_What to work on_
I'd like the entries reproduced exactly, with all pictures omitted.

------------------------------------------------------------

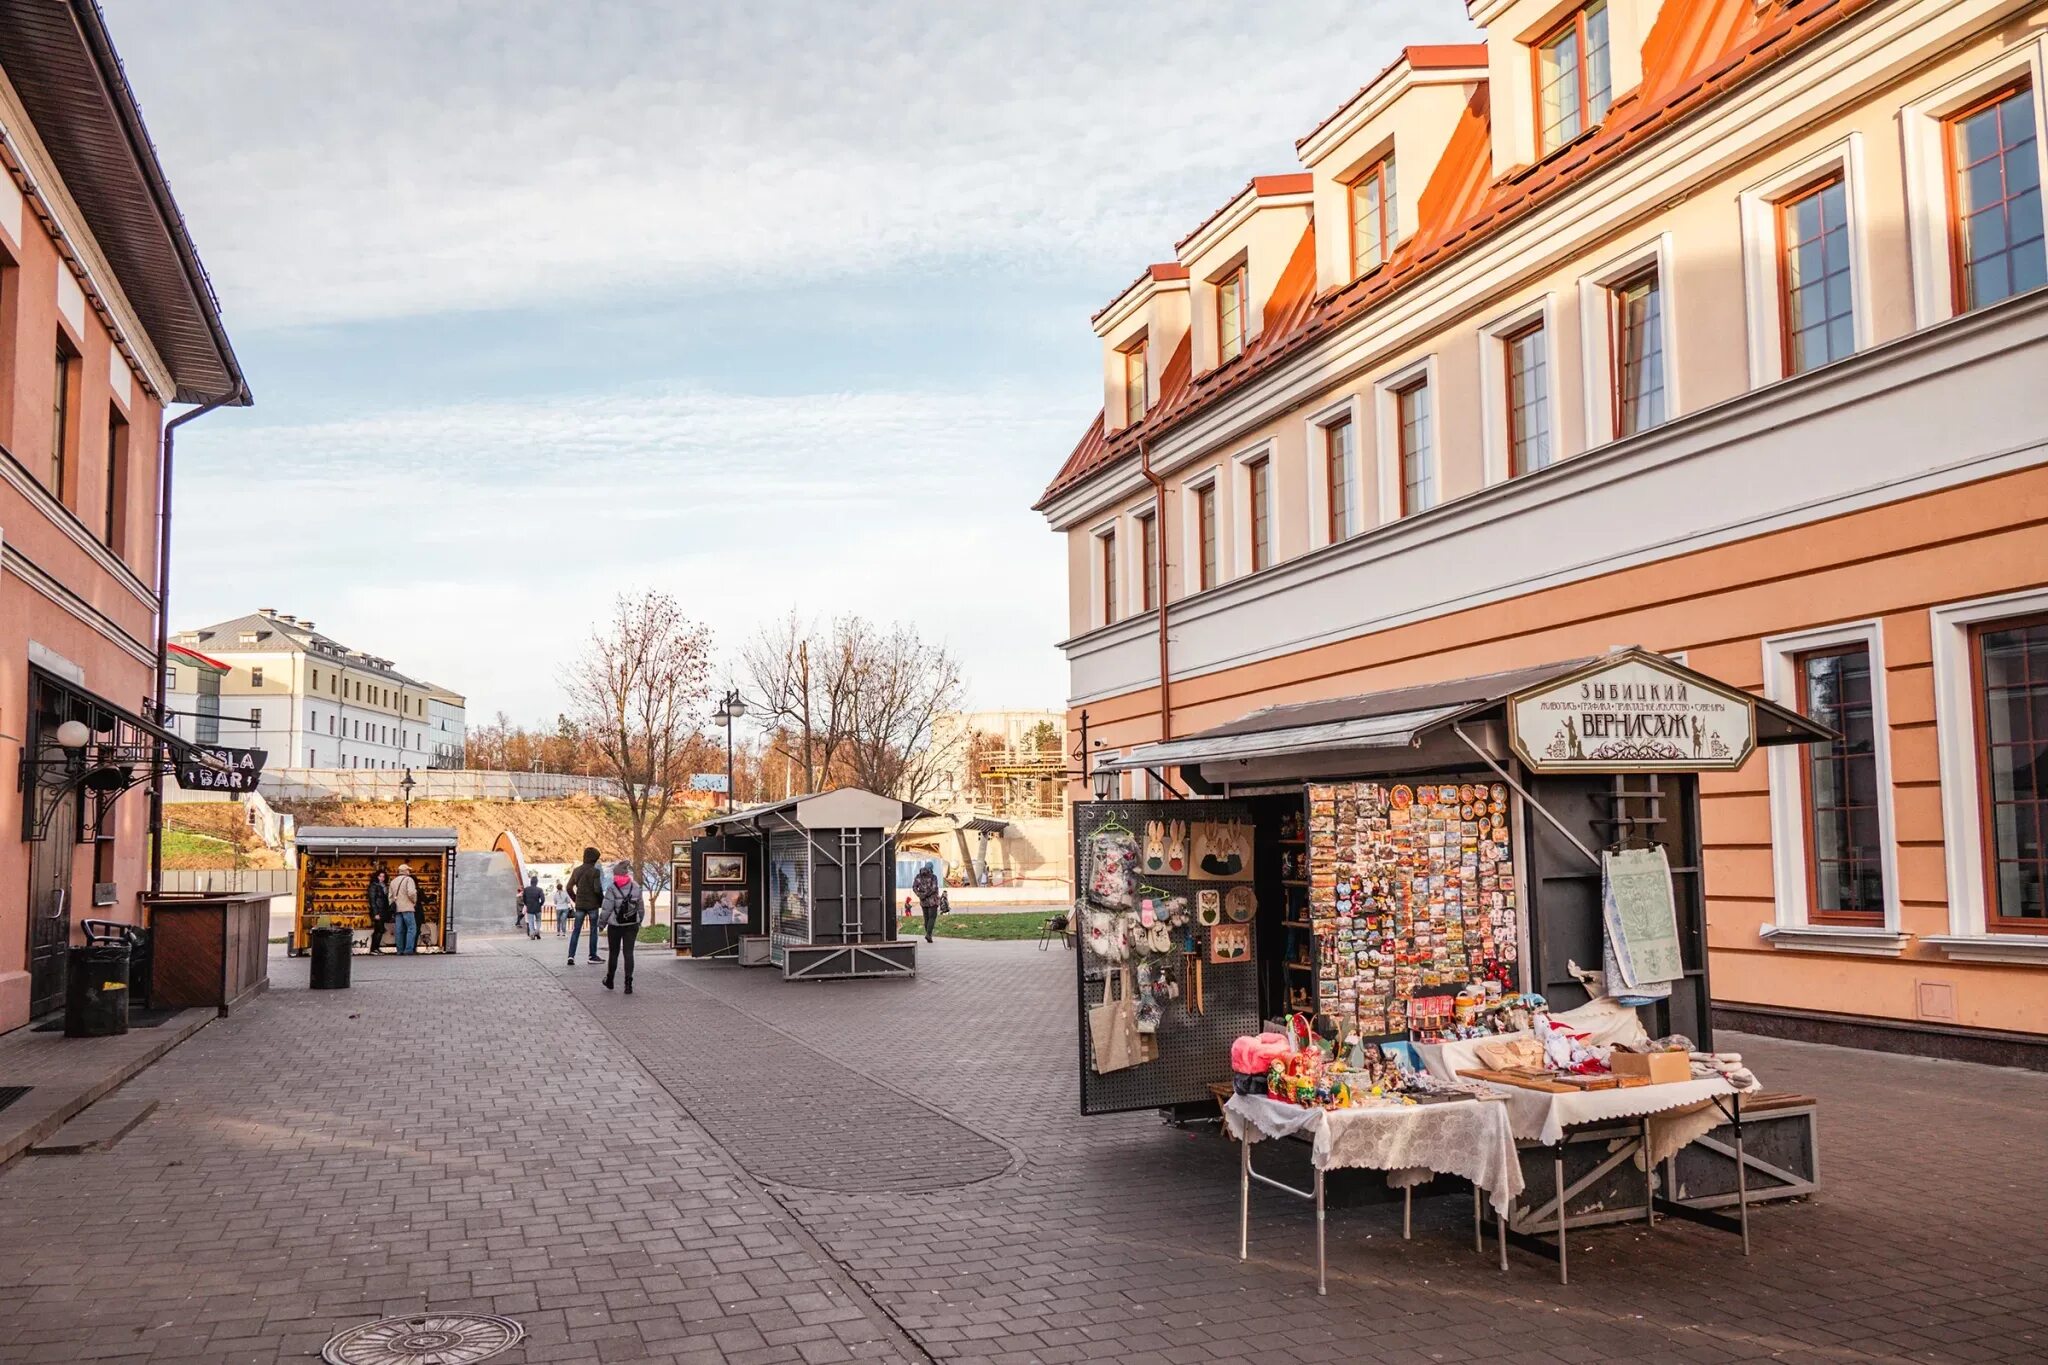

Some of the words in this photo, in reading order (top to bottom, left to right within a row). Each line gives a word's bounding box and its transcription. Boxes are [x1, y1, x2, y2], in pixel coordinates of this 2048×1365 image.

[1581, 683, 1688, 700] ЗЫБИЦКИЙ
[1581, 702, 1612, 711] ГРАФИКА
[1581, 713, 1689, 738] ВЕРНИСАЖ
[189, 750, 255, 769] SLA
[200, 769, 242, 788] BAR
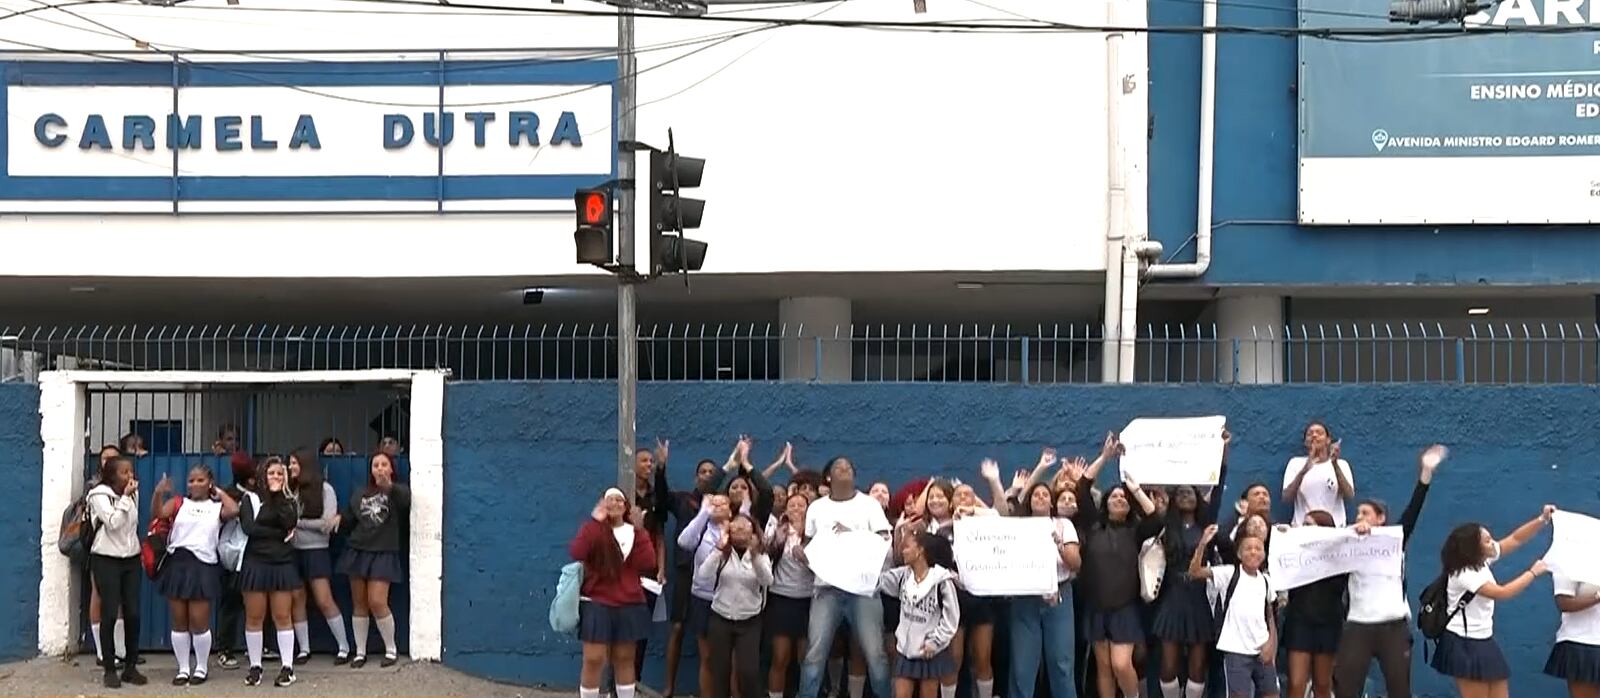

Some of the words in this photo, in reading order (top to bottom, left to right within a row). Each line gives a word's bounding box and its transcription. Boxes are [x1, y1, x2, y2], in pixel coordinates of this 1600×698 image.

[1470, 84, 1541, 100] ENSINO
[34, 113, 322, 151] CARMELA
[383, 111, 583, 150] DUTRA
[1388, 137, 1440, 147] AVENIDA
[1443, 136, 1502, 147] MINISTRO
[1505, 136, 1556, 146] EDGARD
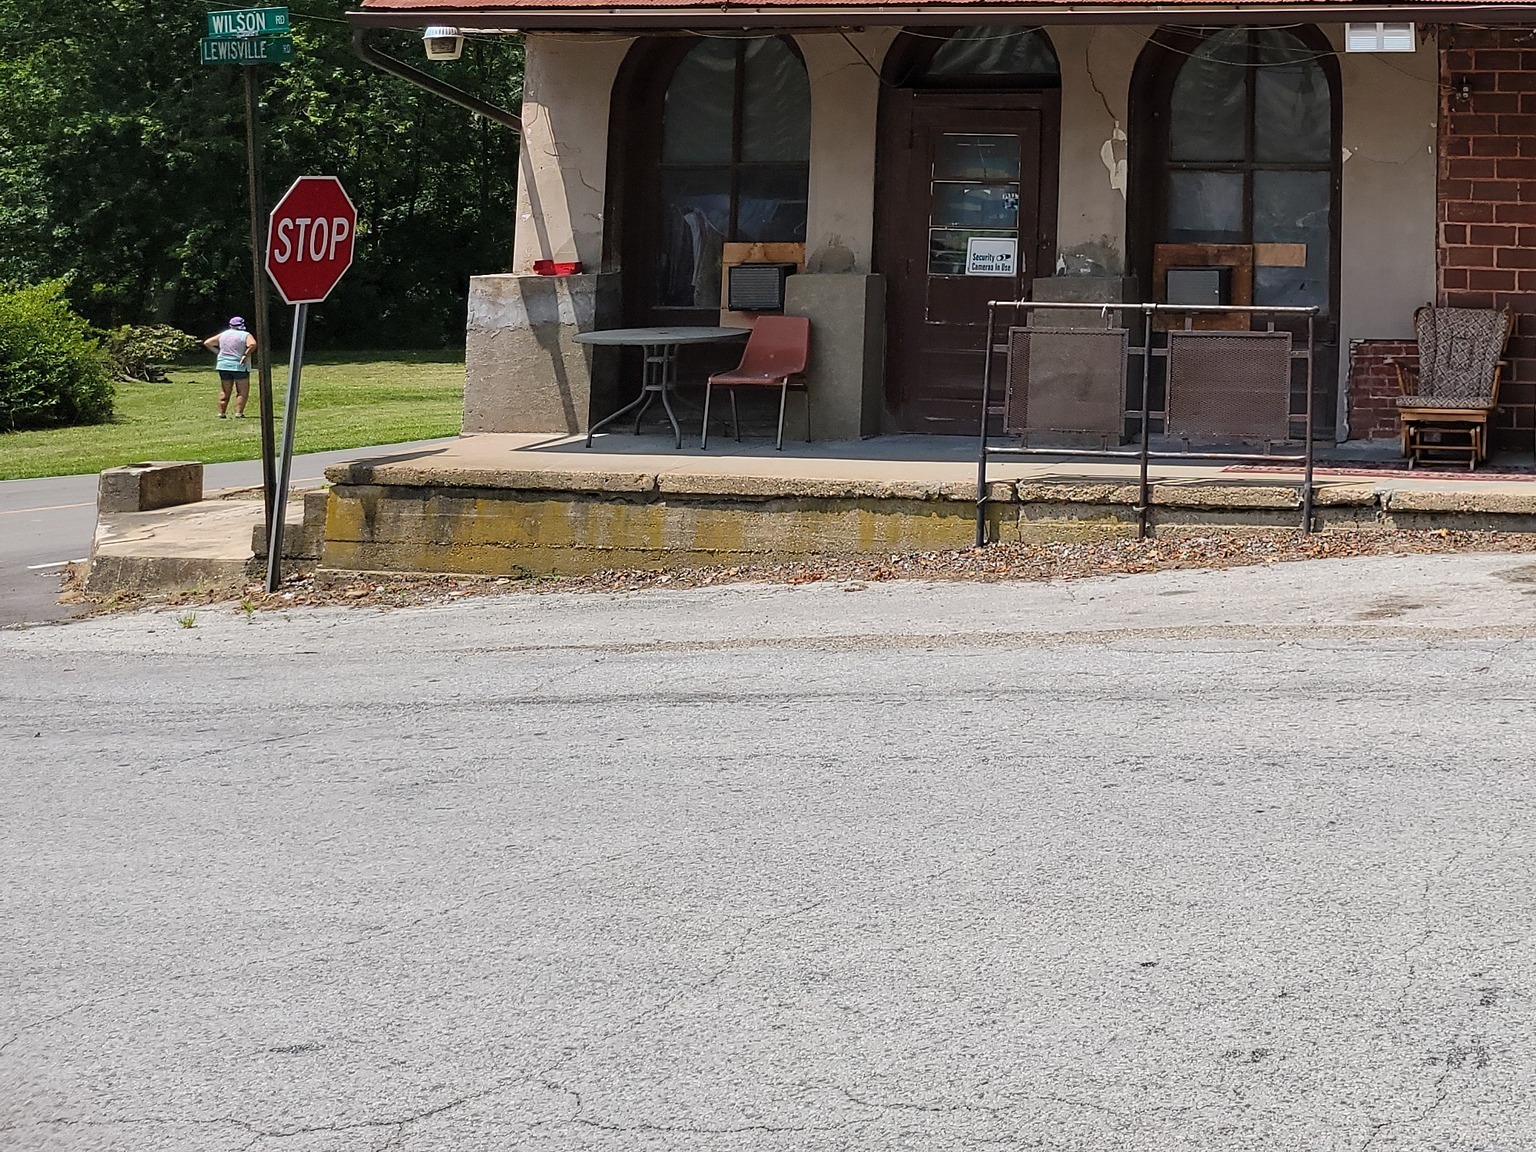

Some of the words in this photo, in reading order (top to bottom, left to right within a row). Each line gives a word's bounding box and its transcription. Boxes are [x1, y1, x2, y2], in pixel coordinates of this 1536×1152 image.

------------------------------------------------------------

_Completed task_
Some of the words in this photo, in reading order (top to bottom, left to right within a row). Each line gives a word's bounding box and its transcription. Boxes are [x1, y1, x2, y2], in pixel coordinates of this 2048×1365 image.

[1581, 683, 1688, 700] ЗЫБИЦКИЙ
[1581, 702, 1612, 711] ГРАФИКА
[1581, 713, 1689, 738] ВЕРНИСАЖ
[189, 750, 255, 769] SLA
[200, 769, 242, 788] BAR

Some of the words in this photo, in reading order (top to bottom, left to right within a row). Each line gives a word's bounding box and its transcription. Boxes are [x1, y1, x2, y2], in pixel coordinates of this 1600×698 image.

[1470, 84, 1541, 100] ENSINO
[34, 113, 322, 151] CARMELA
[383, 111, 583, 150] DUTRA
[1388, 137, 1440, 147] AVENIDA
[1443, 136, 1502, 147] MINISTRO
[1505, 136, 1556, 146] EDGARD

Some of the words in this photo, in reading order (top to bottom, left to right within a row). Each line gives a word's bounding box and its transcription. Boxes are [x1, y1, x2, y2], in pixel coordinates of this 1536×1152 image.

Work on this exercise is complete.